Taddeo ebbe il privilegio di batter moneta nel 1341.

I loro contadini erano esenti dal comando del Reggimento anche in tempo di guerra.

I Pepoli avevano una possessione destinata ad essere assegnata in godimento, vita naturale durante, ad un qualche famigliare o benemerito della casa, a voti unanimi di tutti i Pepoli de' rami legittimi.

II palazzo degli Anziani e la loggia del Podestà furon fabbricati da Taddeo conservatore nel 1347.

La sega dell'acqua fu fabbricata da Matteo nel 1347.

La libreria di S. Michele in Bosco fu fondata, fabbricata, e corredata di libri, poi fatta dipingere dall' Abbate D. Taddeo di Alfonso Pepoli.

Palazzo vecchio. Dicesi che l' eredità Tettalasini passasse nei Pepoli mediante il matrimonio di Romeo con Biagia Tettalasini, e che fra gli effetti di questa eredità vi fossero le case dei Tettalasini in Strada Castiglione, ove poi Romeo figlio di Taddeo e della detta Biagia fabbricò il presente palazzo dei Pepoli. Questo matrimonio ebbe luogo circa il 1300, ma molto prima i Pepoli abitavano in Strada Castiglione, poichè dal testamento di Gera o Zerra di Romeo, fatto nel 1251, si ha che sin d'allora i Pepoli abitavano in detta strada. Potrebbe essere che in Strada Castiglione abitassero tanto i Pepoli quanto i Tettalasini, e che poi le case dei Tettalasini fossero, o per eredità o per contratto, acquistate dai Pepoli.

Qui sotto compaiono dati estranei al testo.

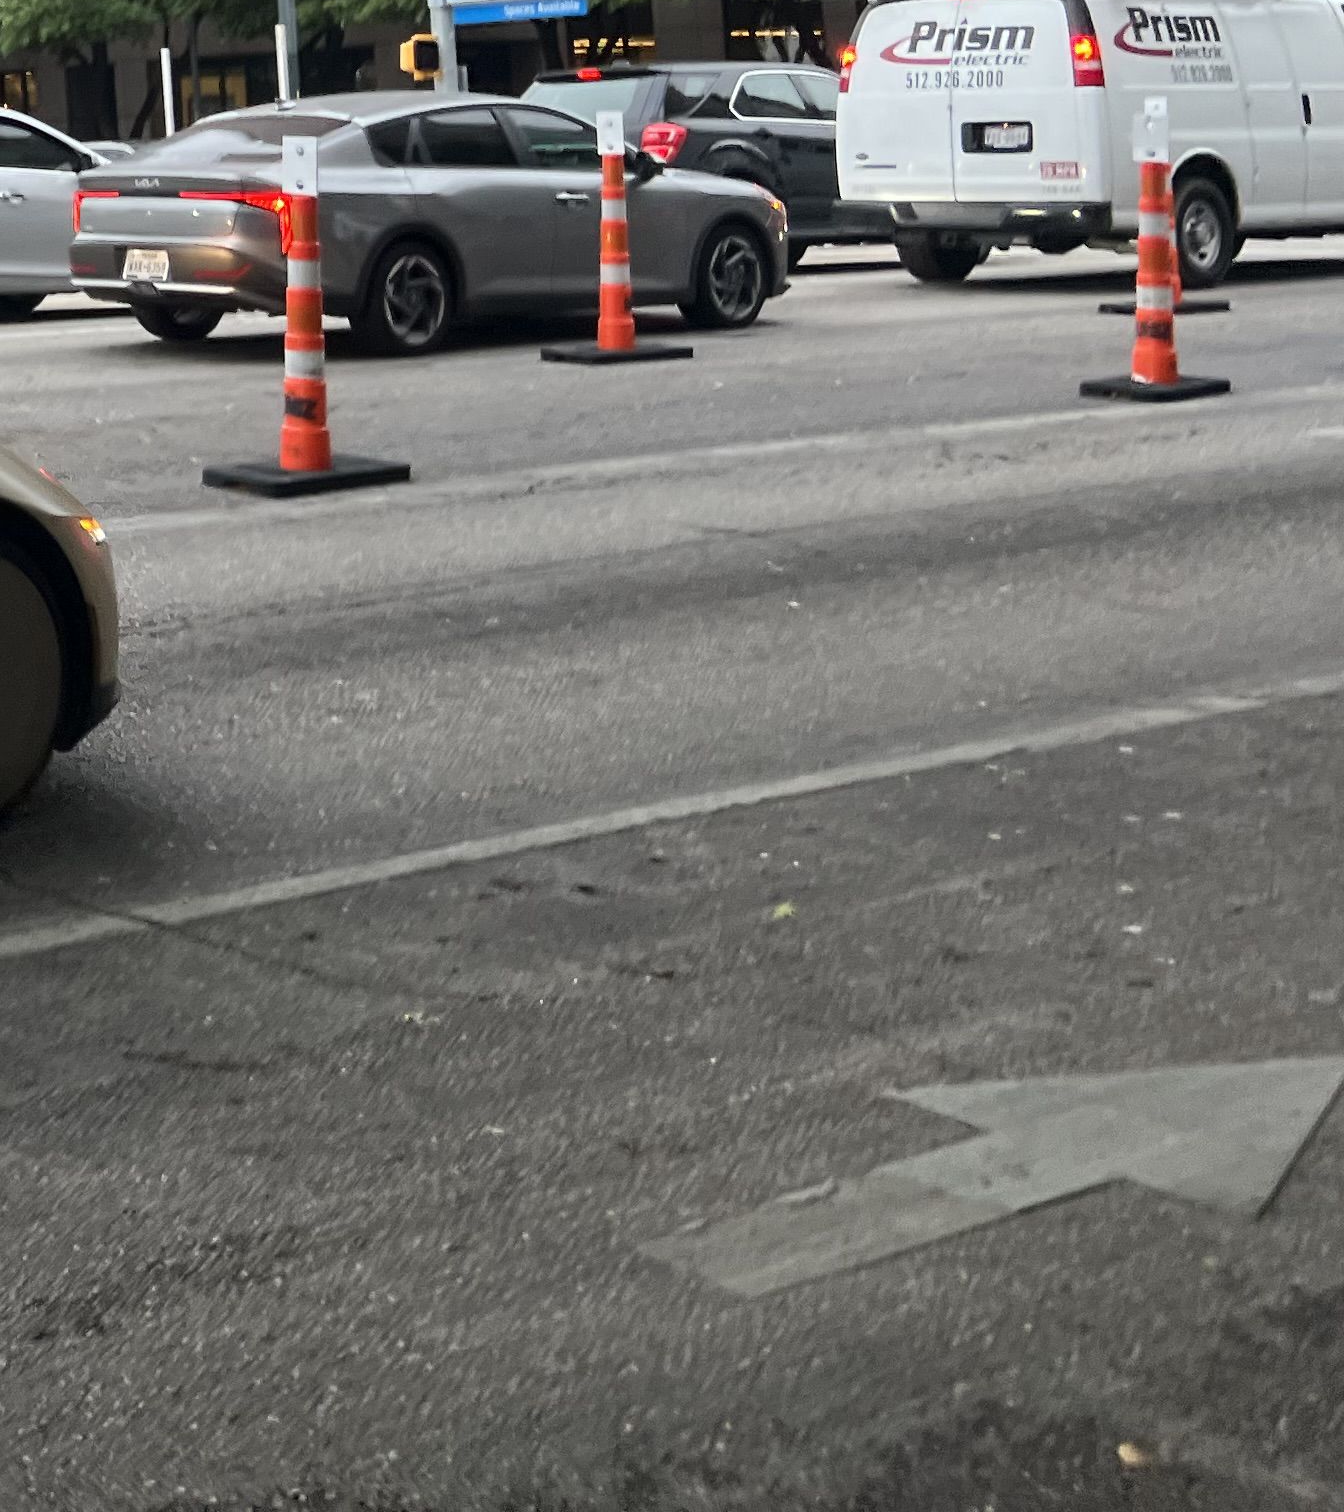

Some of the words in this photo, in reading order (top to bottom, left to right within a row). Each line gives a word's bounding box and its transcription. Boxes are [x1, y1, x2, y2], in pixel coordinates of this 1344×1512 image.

Egli è certo che molto tempo prima di Taddeo, nelle antiche autentiche pergamene, i Pepoli sono annunziati essere della parrocchia di Sant' Agata, e abitanti in Strada Castiglione nel 1223.

Certo è ancora che Gera di Romeo Pepoli fratello di Taddeo, comprò una casa nella contrada di Miola da Bonaventura Trentaquattro, nella quale abitarono i Pepoli sinchè finiti furono i palazzi cominciati da Taddeo in Strada Castiglione nel 1292.

Questa casa dicesi situata in Miola passato il palazzo Casali andando verso Strada San Stefano, che anche ultimamente era del marchese Giuseppe Pepoli, quando invece non lo fosse ove era il palazzo dei Casali, prima dei Pepoli.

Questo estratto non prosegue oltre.